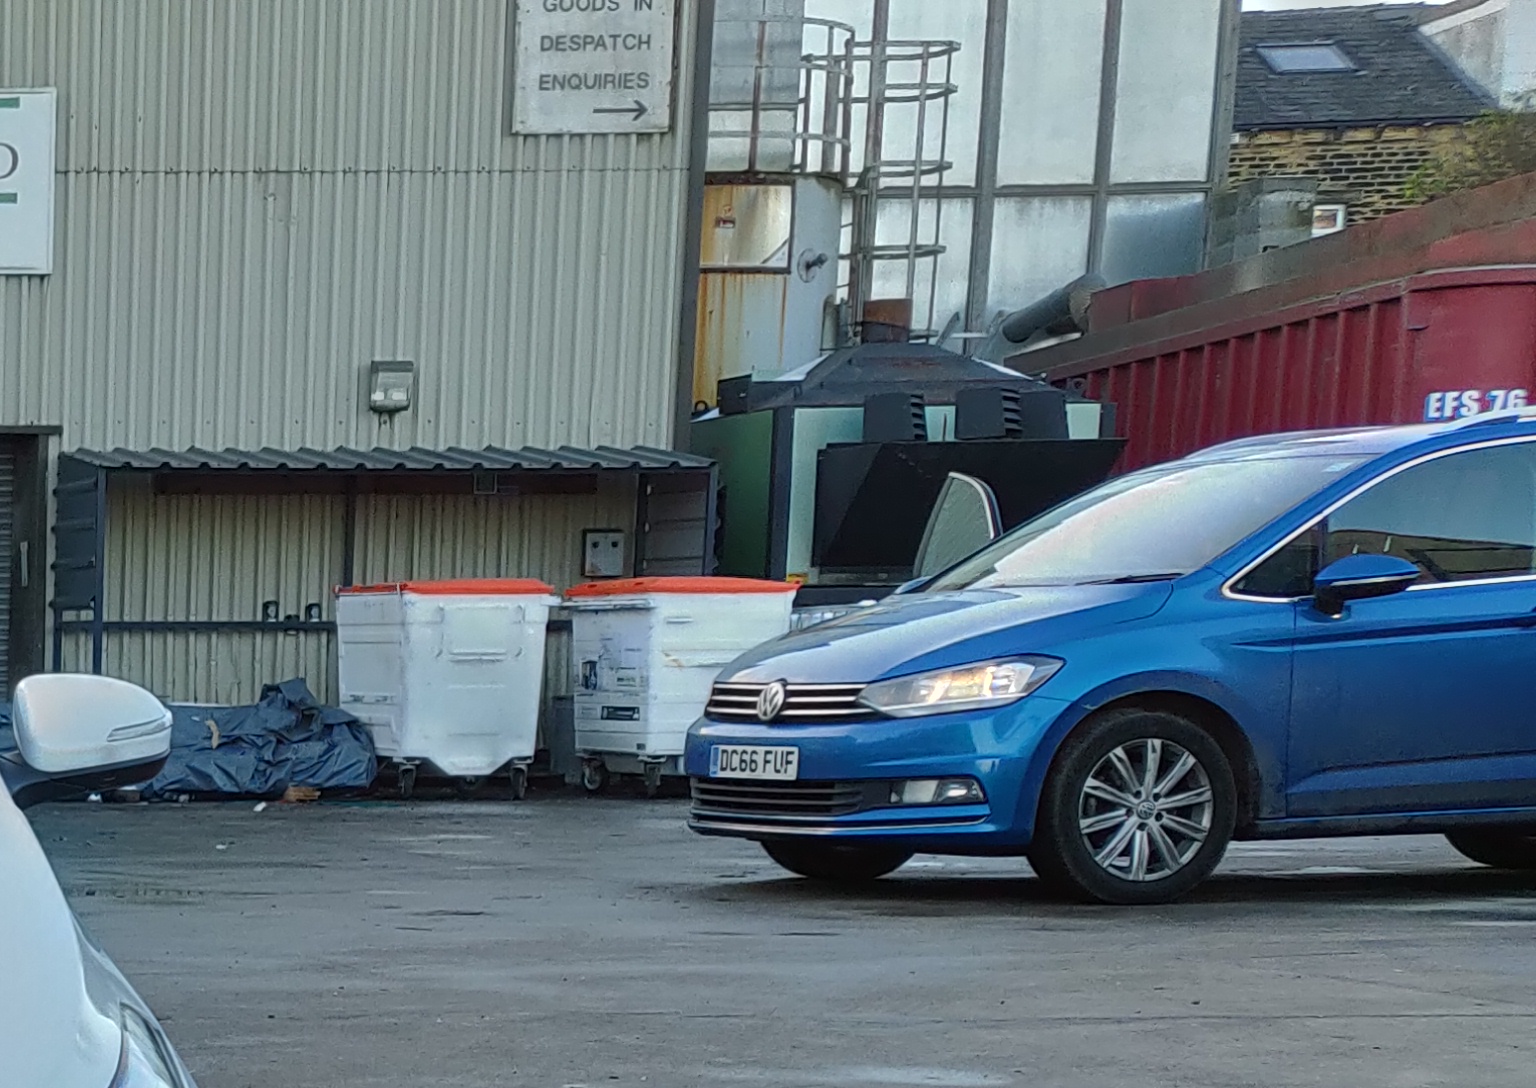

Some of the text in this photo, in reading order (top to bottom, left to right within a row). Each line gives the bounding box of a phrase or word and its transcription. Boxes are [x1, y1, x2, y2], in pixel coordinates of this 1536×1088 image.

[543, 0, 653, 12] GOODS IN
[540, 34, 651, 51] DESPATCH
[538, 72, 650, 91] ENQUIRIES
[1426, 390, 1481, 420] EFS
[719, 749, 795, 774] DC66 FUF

## EXERCISE DIRECTIONS:
Pictures aside, restate the entries word for word.

## TASK RESPONSE:
Some of the text in this photo, in reading order (top to bottom, left to right within a row). Each line gives the bounding box of a phrase or word and its transcription. Boxes are [x1, y1, x2, y2], in pixel coordinates of this 1536×1088 image.

[543, 0, 653, 12] GOODS IN
[540, 34, 651, 51] DESPATCH
[538, 72, 650, 91] ENQUIRIES
[1426, 390, 1481, 420] EFS
[719, 749, 795, 774] DC66 FUF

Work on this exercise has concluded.